The filter allocation rules will prevent allocation of the newly created index test_index to the only two nodes in the cluster.  The cluster thus turns RED.  We can get an explanation for the first unassigned shard found in the cluster (like in this case) by invoking the explain API with an empty request body:

curl -XGET 'ES_HOST:ES_PORT/_cluster/allocation/explain

Which produces the following output:

{
  "index" : "test_index",
  "shard" : 0,
  "primary" : true,
  "current_state" : "unassigned", 
  "unassigned_info" : {
    "reason" : "INDEX_CREATED", 
    "at" : "2017-06-05T14:12:39.401Z",
    "last_allocation_status" : "no"
  },
  "can_allocate" : "no",
  "allocate_explanation" : "cannot allocate because allocation is not permitted to any of the nodes",   
  "node_allocation_decisions" : [ 
    {
      "node_id" : "ksdnkn3kskSDSJKAsskskSksd",
      "node_name" : "A", 
      "transport_address" : "127.0.0.1:9300",
      "node_decision" : "no",
      "weight_ranking" : 1,
      "deciders" : [
        {
          "decider" : "filter",  
          "decision" : "NO", 
          "explanation" : "node matches index setting [index.routing.allocation.exclude.] filters [_name:\"A OR B\"]" 
        }
      ]
    },
    {
      "node_id" : "dhHJHDffDA4fssfsKDJBJS",
      "node_name" : "B", 
      "transport_address" : "127.0.0.1:9301",
      "node_decision" : "no",
      "weight_ranking" : 2,
      "deciders" : [
        {
          "decider" : "filter",
          "decision" : "NO",
          "explanation" : "node matches index setting [index.routing.allocation.exclude.] filters [_name:\"A OR B\"]"
        }
      ]
    }
  ]
}

The shard cannot be allocated due to none of the nodes permitting allocation of the shard.  When drilling down to each node’s decision (see "node_allocation_decisions"), we observe that node A received a decision not to allocate due to the filter decider preventing allocation with the reason that the filter allocation settings excluded nodes `A` and `B` from holding a copy of the shard (see "explanation" inside the "deciders" section).  The explanation also contains the exact setting to change to allow the shard to be allocated in the cluster.
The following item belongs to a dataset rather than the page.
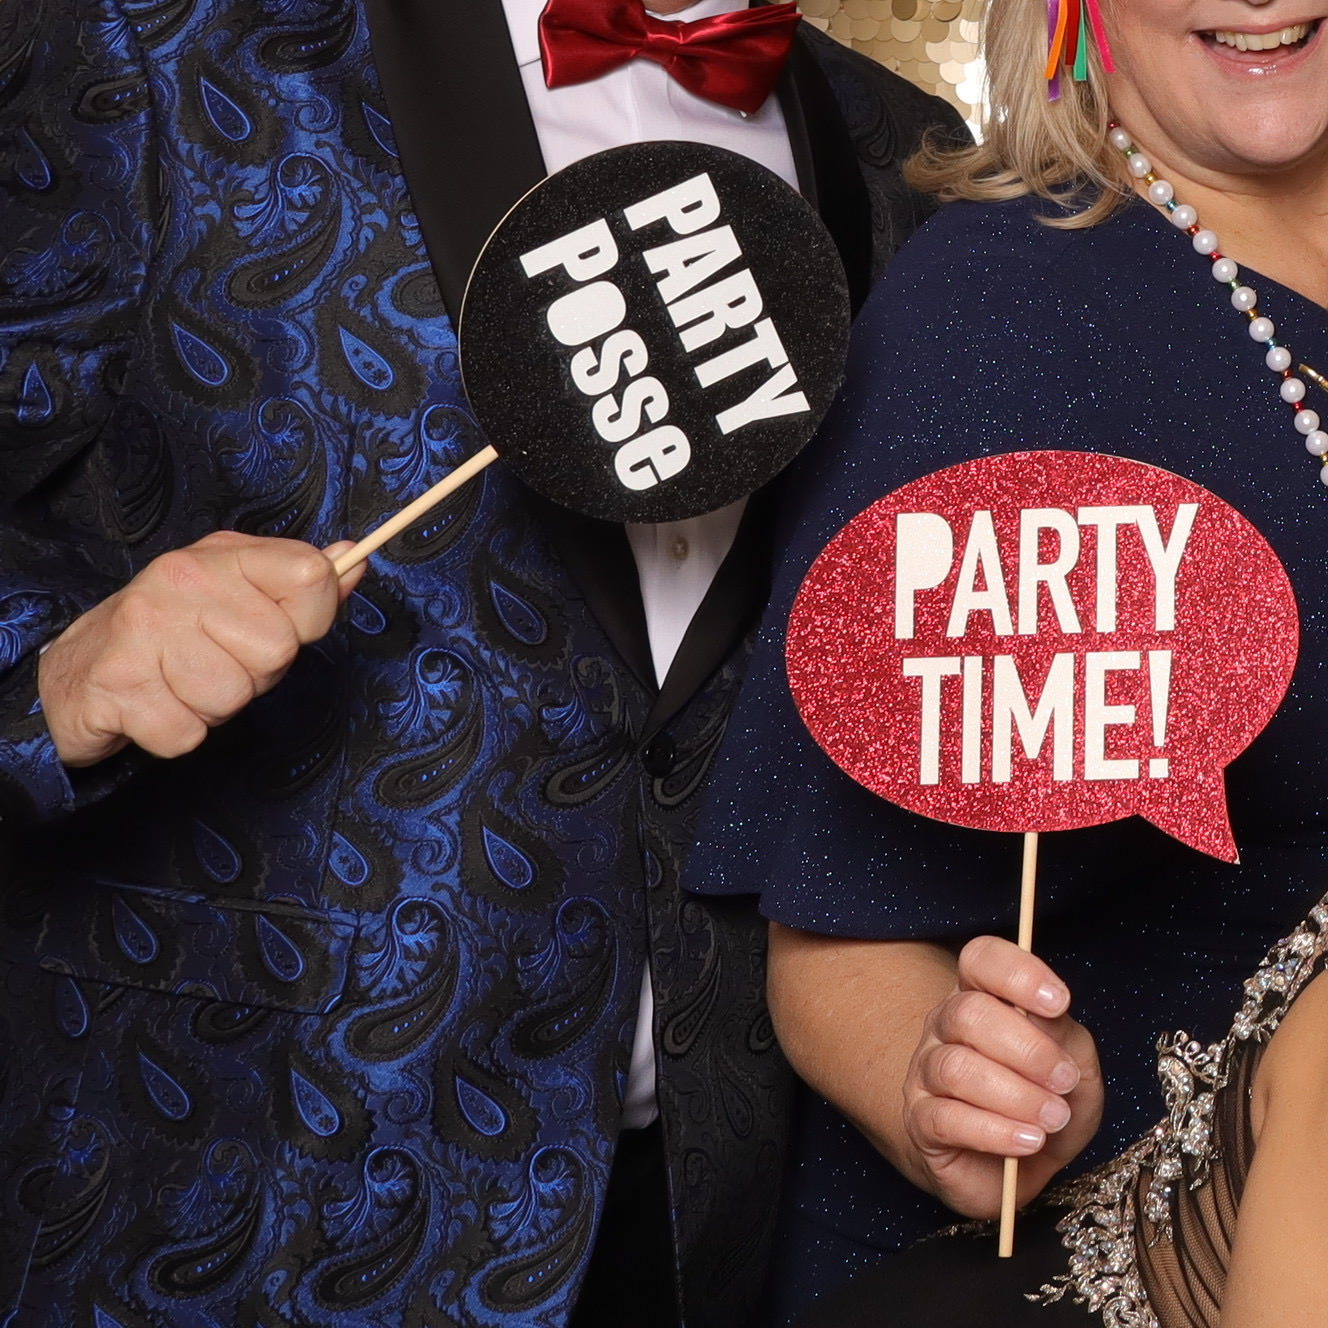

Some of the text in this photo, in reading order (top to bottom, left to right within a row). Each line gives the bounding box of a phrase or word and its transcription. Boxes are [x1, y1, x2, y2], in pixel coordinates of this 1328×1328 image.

[623, 172, 811, 435] PARTY
[894, 503, 1199, 639] PARTY
[903, 649, 1172, 785] TIME!
Updating the filter allocation settings via: 

curl -XPUT 'ES_HOST:ES_PORT/test_index/_settings ‘ -d ‘{ 
   "index.routing.allocation.exclude._name": null 
}’

And re-running the explain API results in an error message saying unable to find any unassigned shards to explain. This is because the only shard for `test_index` has now been assigned.
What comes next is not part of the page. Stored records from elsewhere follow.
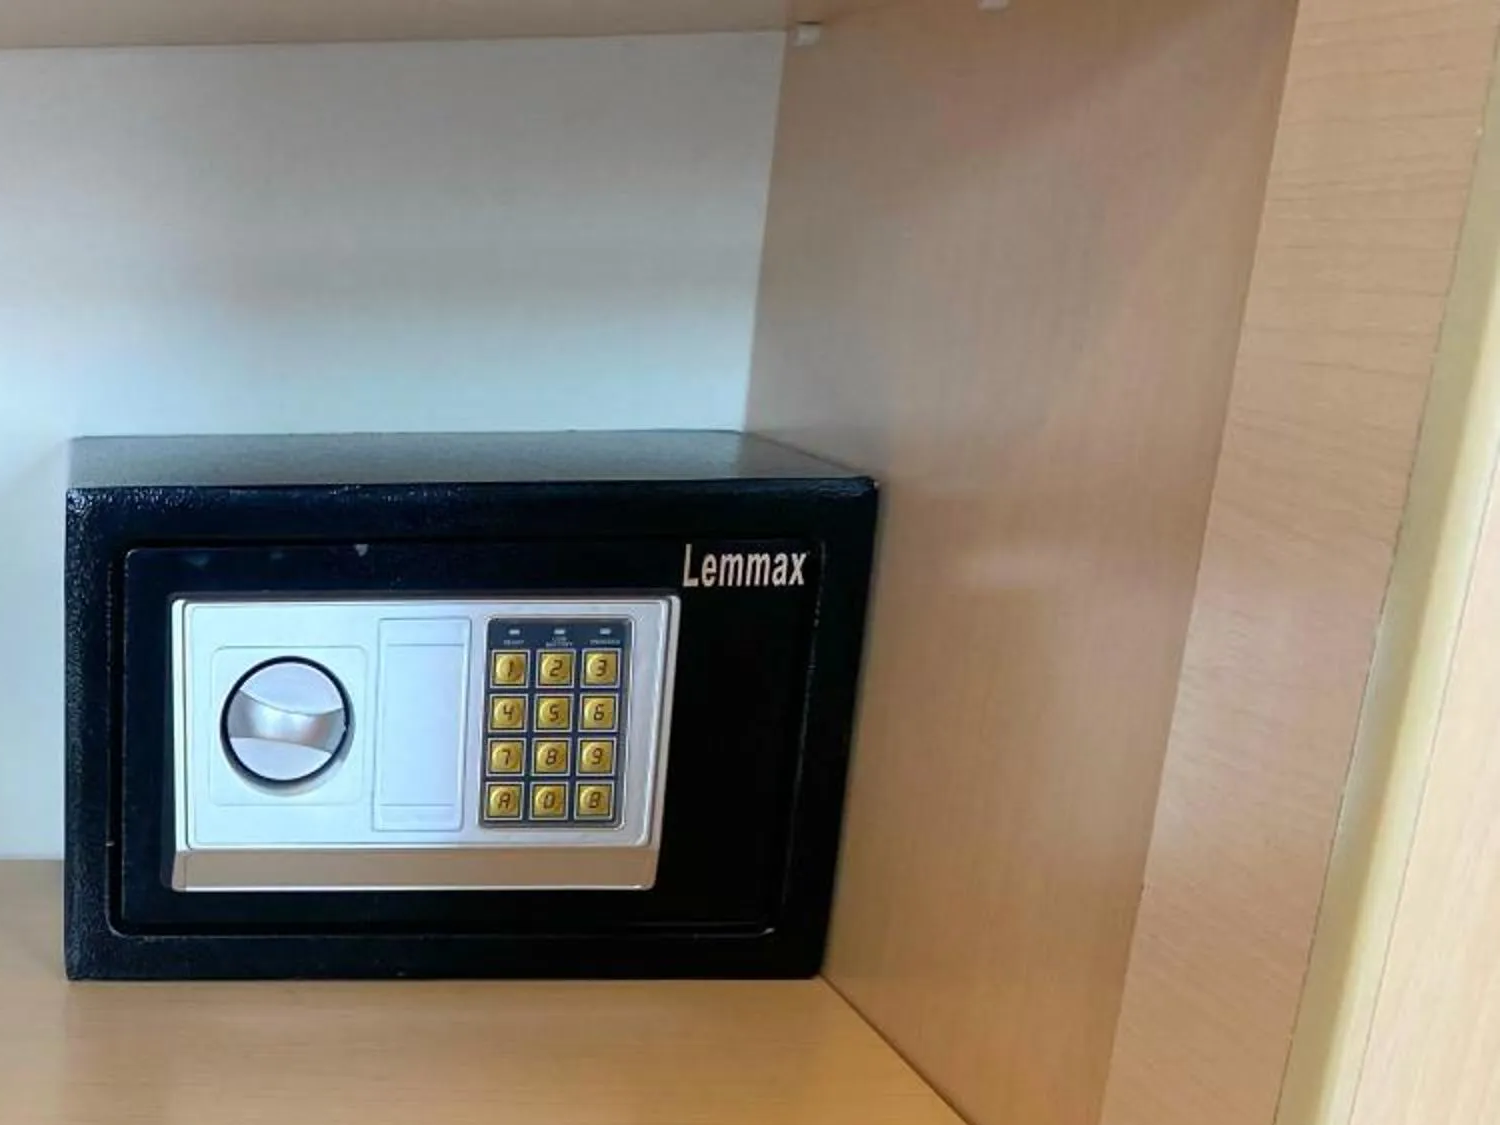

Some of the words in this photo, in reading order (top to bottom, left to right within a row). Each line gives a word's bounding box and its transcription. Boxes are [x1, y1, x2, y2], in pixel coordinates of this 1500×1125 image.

[682, 543, 808, 588] Lemmax
[507, 659, 515, 678] 1
[549, 659, 563, 677] 2
[595, 659, 607, 677] 3
[502, 704, 514, 721] 4
[549, 704, 560, 722] 5
[593, 704, 605, 721] 6
[501, 748, 512, 766] 7
[545, 748, 557, 765] 8
[591, 747, 603, 765] 9
Running the explain API on the primary shard:

curl -XGET 'ES_HOST:ES_PORT/_cluster/allocation/explain' -d '{ 
   "index": "test_index", 
   "shard": 0, 
   "primary": true
}'

The response allows us to see which node the shard was assigned to:

{
  "index" : "test_index",
  "shard" : 0,
  "primary" : true,
  "current_state" : "started",
  "current_node" : {
    "id" : "ksdnkn3kskSDSJKAsskskSksd",
    "name" : "A",
    "transport_address" : "127.0.0.1:9300",
    "weight_ranking" : 1
  },
  …
}

We can see that the shard is now in the allocated state and assigned to node `A`. Now, let’s index some data into `test_index`.  Next, we will stop node A so that the primary shard is no longer in the cluster. Since there are no replica copies at the moment, the shard will remain unassigned and the cluster health will be RED. Rerunning the above explain API command on primary shard 0 will return:

{
  "index" : "test_index",
  "shard" : 0,
  "primary" : true,
  "current_state" : "unassigned",
  "unassigned_info" : {             
    "reason" : "NODE_LEFT",    
    "at" : "2017-06-05T15:24:21.157Z",
    "details" : "node_left[wessk7BJBJ5sernknSEkas]",
    "last_allocation_status" : "no_valid_shard_copy"
  },
  "can_allocate" : "no_valid_shard_copy", 
  "allocate_explanation" : "cannot allocate because a previous copy of the primary shard existed but can no longer be found on the nodes in the cluster" 
}

The output tells us that the primary shard is currently unassigned because the node holding the primary left the cluster. The reason is that there is no longer any valid copy for shard 0 of `test_index` in the cluster (see "can_allocate") along with the explanation of why the shard cannot be allocated (see "allocate_explanation").  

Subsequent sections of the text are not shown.